Something I’ve had top of mind for a while is the idea of building paid software. Not in a business-school-make-money kind of way though.
I’m interested in building paid software for the relationship with the people that use the software. How can I build something simple that helps people live better, or even just less painful, lives in a respectful way?
These are both things you can do with free products, but it’s not quite the same. Paid products force prospective customers to consider the value and if they want to opt in. There is an explicit value exchange that sets an important tone: people pay for the product and can continually assess whether it meets their needs.1
This relationship is beautiful. It’s good for business if product makers continue making improvements and treat product users well. In turn, users help guide what goes on the roadmap.2
Now that I launched my last product and am side-project-less, I spent some time noodling about general ways to approach building paid products. I’m sure I missed some, but these all seem like decent starting points.
1. Reduce complexity
Complexity is the enemy of many things. Software loves to morph into complex, tangled spaghetti over time. One route to making a paid product is taking a feature of an already successful, yet complex product and giving it new life. Letting it shine on its own. Unbudling is a subset of this.
Doing one thing really well is often better than doing a bunch of things that are mediocre.
If an old product escaped feature-complexity, it’s probably visually bloated or the design could use a touch up. Slapping a new coat of paint on the same or similar features, or even redesigning from the ground up with fresh eyes, will make it look close to brand new.
Great design is not easy, but a better design is often as simple as reducing visual clutter and sorting out hierarchy. Beware of just copying whatever design is popular or you’ll redesign again in a couple years.
With data leaks and breaches happening more in recent years, people are becoming more privacy-conscious. Taking an existing product and making a privacy-focused version should attract some interest, especially if the existing product/industry cares very little about privacy.

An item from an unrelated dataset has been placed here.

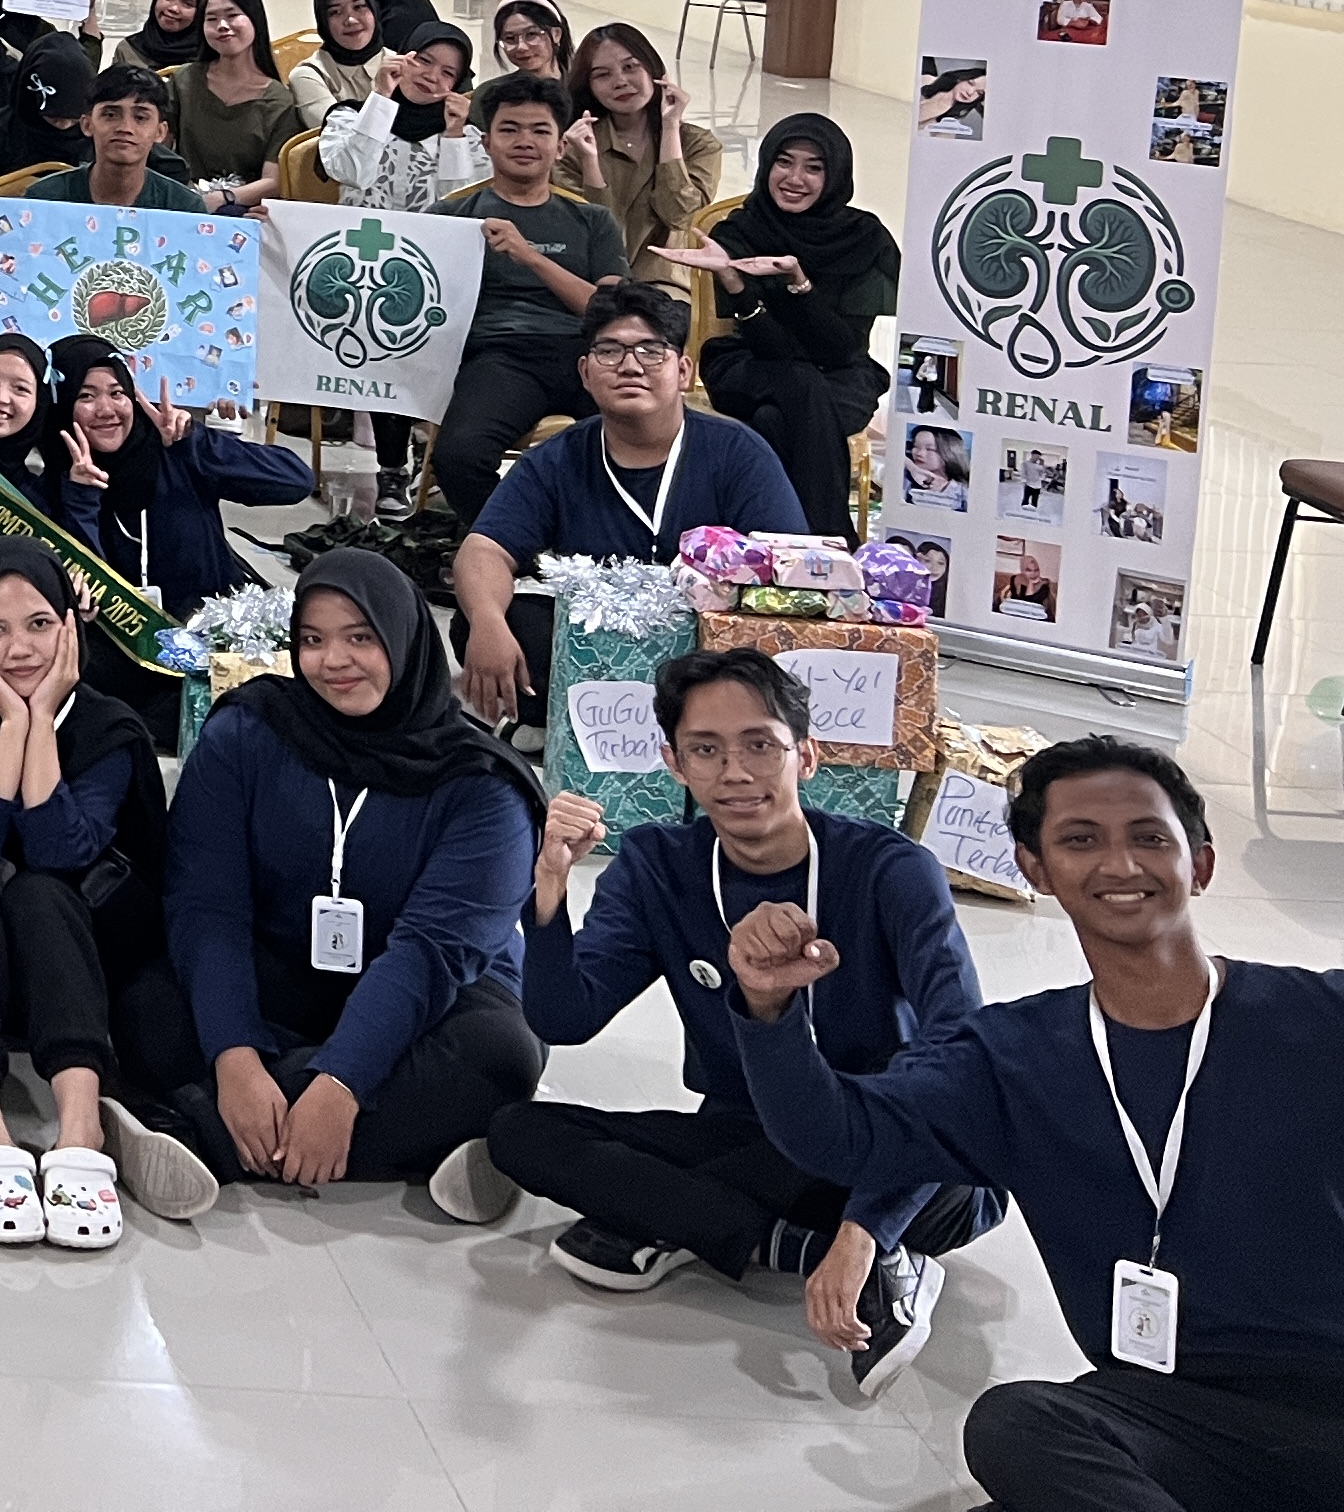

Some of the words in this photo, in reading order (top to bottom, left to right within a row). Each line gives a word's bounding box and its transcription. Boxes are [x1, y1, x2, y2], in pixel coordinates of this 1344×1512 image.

[27, 226, 214, 327] HEPAR
[316, 374, 397, 399] RENAL
[975, 387, 1112, 433] RENAL
[102, 595, 149, 637] 2025

You can build a privacy-focused product through marketing alone — users will feel good, but it will all be for nothing — or you can do the hard work to ensure everything is actually private. This “hard work” might be as easy as upgrading to a more modern tech stack or architecture.
4. Liberate data
Tools that help users tell better stories or make better decisions are extremely useful. Finding signals for users from their existing data or enriching their data with novel sources will help them do both of these things.
Tactically, take some data and present it in a different way, or give a group of people access to data they didn’t have before. Humans are really bad at processing and finding trends in high-dimensional data so even if the tool just prevents comprehension errors, it’s worth something.
5. Build on high-growth platforms
When new, high-growth platforms spring up, they can’t build everything for their users. Find out what these people need and make it. It might be hacky at first, but a lot of tech platforms open things up to developers nowadays. Being the first “app” in a platform’s “store” can lead to fast growth.
This strategy could also work for more mature platforms, but a lot of the low-hanging, tasty fruit will already be picked off.
6. Listen to desperate users
Given a large enough company, old enough software, or both, there are groups of folks that hate their job because they are tormented by the same piece of software every day. Find and listen to them. Those that are experiencing a “hair on fire” problem want to find a solution quickly.
Potential blockers here are the people with the acute need don’t have purchasing or decision-making power.
7. Solve your own problems
If you pay close enough attention, you can find things that are annoying about almost anything, including your daily life. Likewise, you can also notice shortcuts that others don’t. Productizing a solution to these annoyances or making shortcuts more accessible/obvious will give you at least one user — you!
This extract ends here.